1. Perveen Mistry is in a historically groundbreaking role: she is representing the rights of female clients, some of whom have never before had any access to legal protection because of religious law, limited education, or patriarchal restrictions that greatly disadvantage them. Perveen is the perfect female lawyer to represent women’s rights, since she herself has had terrible legal problems and has seen how frustrating it is to have no power under the law. How much moredifficultiPerveen’sjobthan a contemporaryfemalelawyer’s?Did any of her encounters particularly frustrate or anger you as a reader? Did she face problems that you couldn’t imagine a lawyer today facing? On the other hand, have things not changed as much as we think?

2. What do you make of Perveen’s last meeting with Cyrus? How would you have felt in her position?

3. The difference between "modern" and "orthodox" religiosity is an important one in this book. Perveen’s parents, the Mistrys, are depicted as modern Parsis who educate their daughter and hope she will have a career. The Sodawallas, meanwhile are orthodox Parsis who still obey ancient purity laws that are now thought to be unhealthy and who expect their new daughter-in-law to leave her education behind and be a traditional housewife. The gap in the two families’ beliefs becomes violent and heartbreaking. How has this conversation about religious orthodoxy changed since the 1920s? How does it still relate to our 21st-century societies?

4. Why do you think Behnoush Sodawalla is so insistent that Perveen isolate herself? What do you think are the real reasons behind her strict Parsi traditionalism?

5. Meanwhile, in the Farid house in Bombay, the Muslim widows live in purdah, another form of religious orthodoxy.
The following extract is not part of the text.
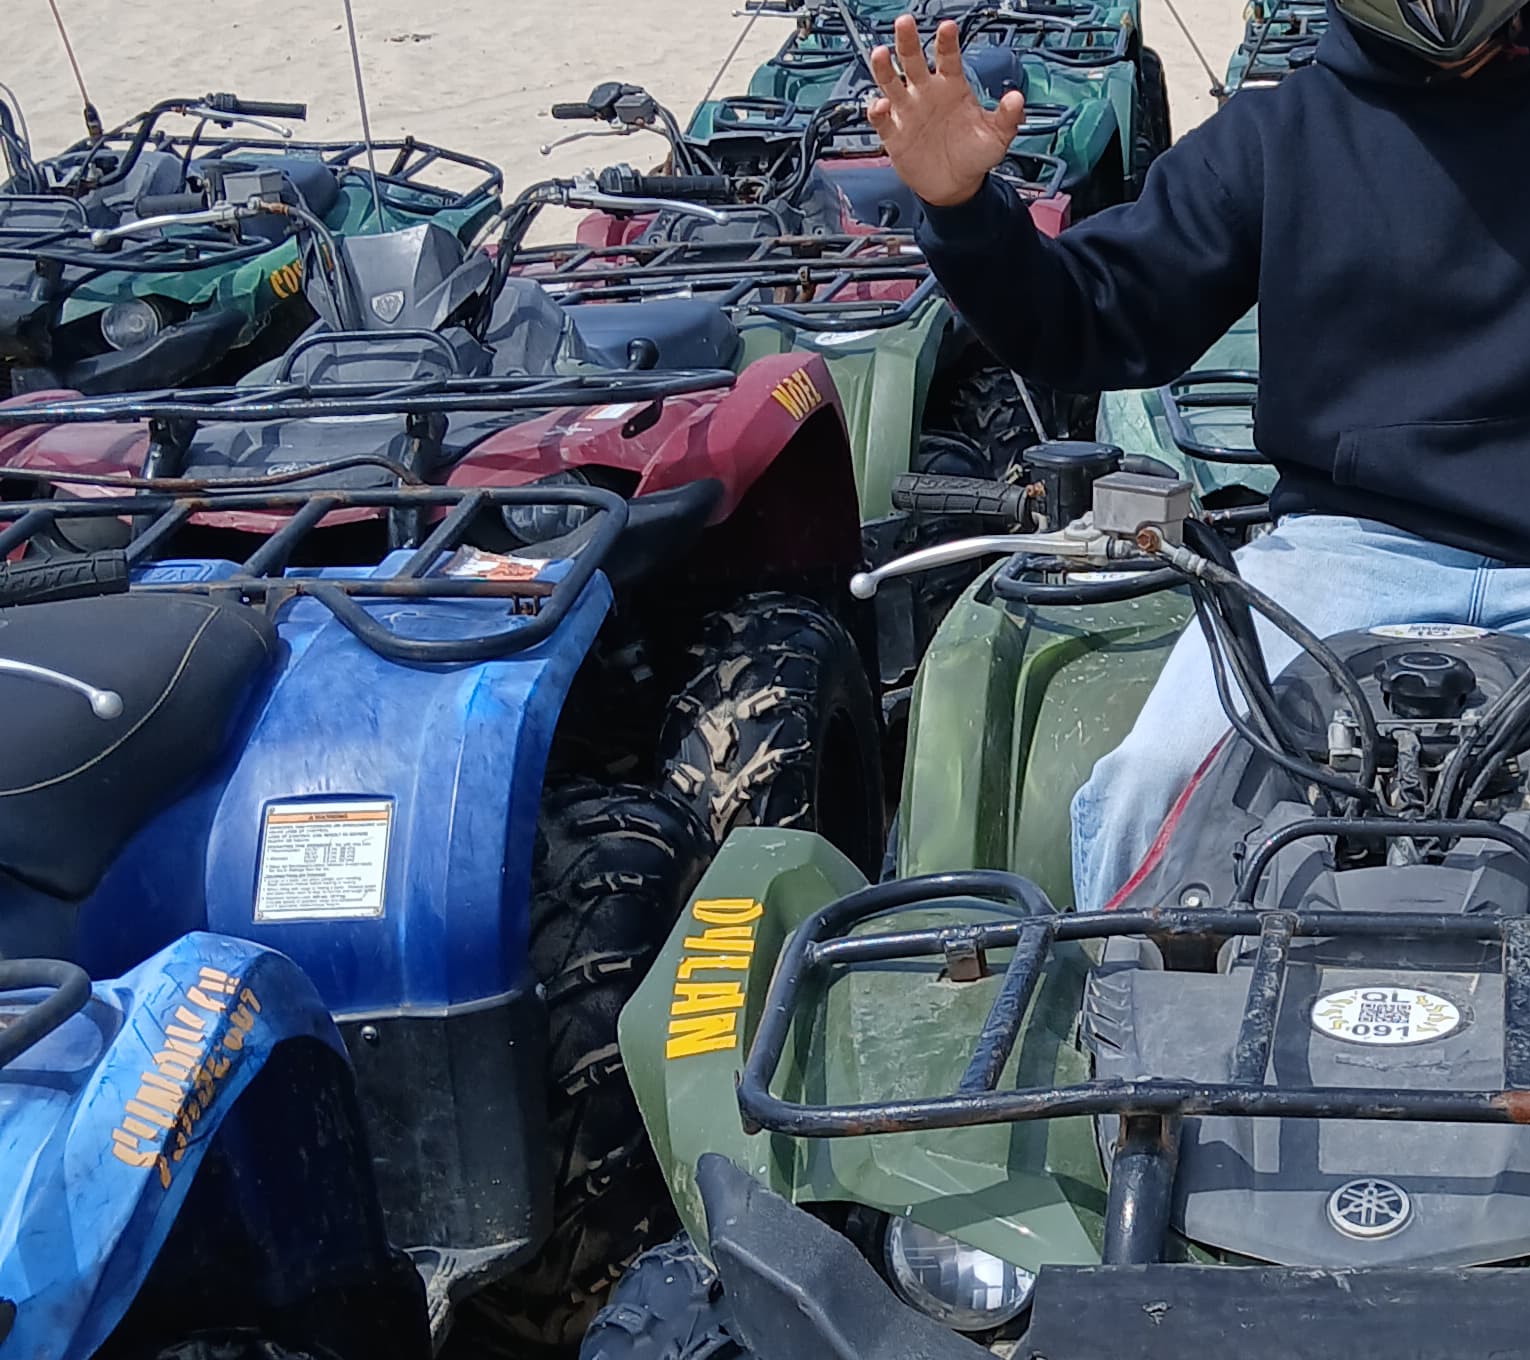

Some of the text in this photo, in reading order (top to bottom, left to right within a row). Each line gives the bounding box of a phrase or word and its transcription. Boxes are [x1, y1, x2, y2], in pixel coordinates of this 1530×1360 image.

How do the Muslim and Parsi restrictions on women differ? How do they overlap? From each of the Farid widows’ points of view, what would you say are the advantages and disadvantages of living in purdah? Were you surprised by their decision to leave purdah at the end of the book?

6. What role does class play in the novel? How different would Perveen’s choices have been if she had not been from such a wealthy family? Do you think she would have been more or less likely to marry Cyrus, or more or less likely to leave him? What other choices of hers would have been impossible if she had come from a poor or middle-class family?

7. Meanwhile, Perveen is very accepting of her best friend’s homosexuality, but Alice’s parents are clearly not. How do you think Alice’s situation might have been different if she had not been as wealthy? How much advantage does she have as an expatriate? How do you think the flowering women’s rights movement will affect her? Do you think she’ll end up finding more freedom and happiness in India, as she hopes, or do you think she will eventually find gender roles and sexuality there to be just as stifling?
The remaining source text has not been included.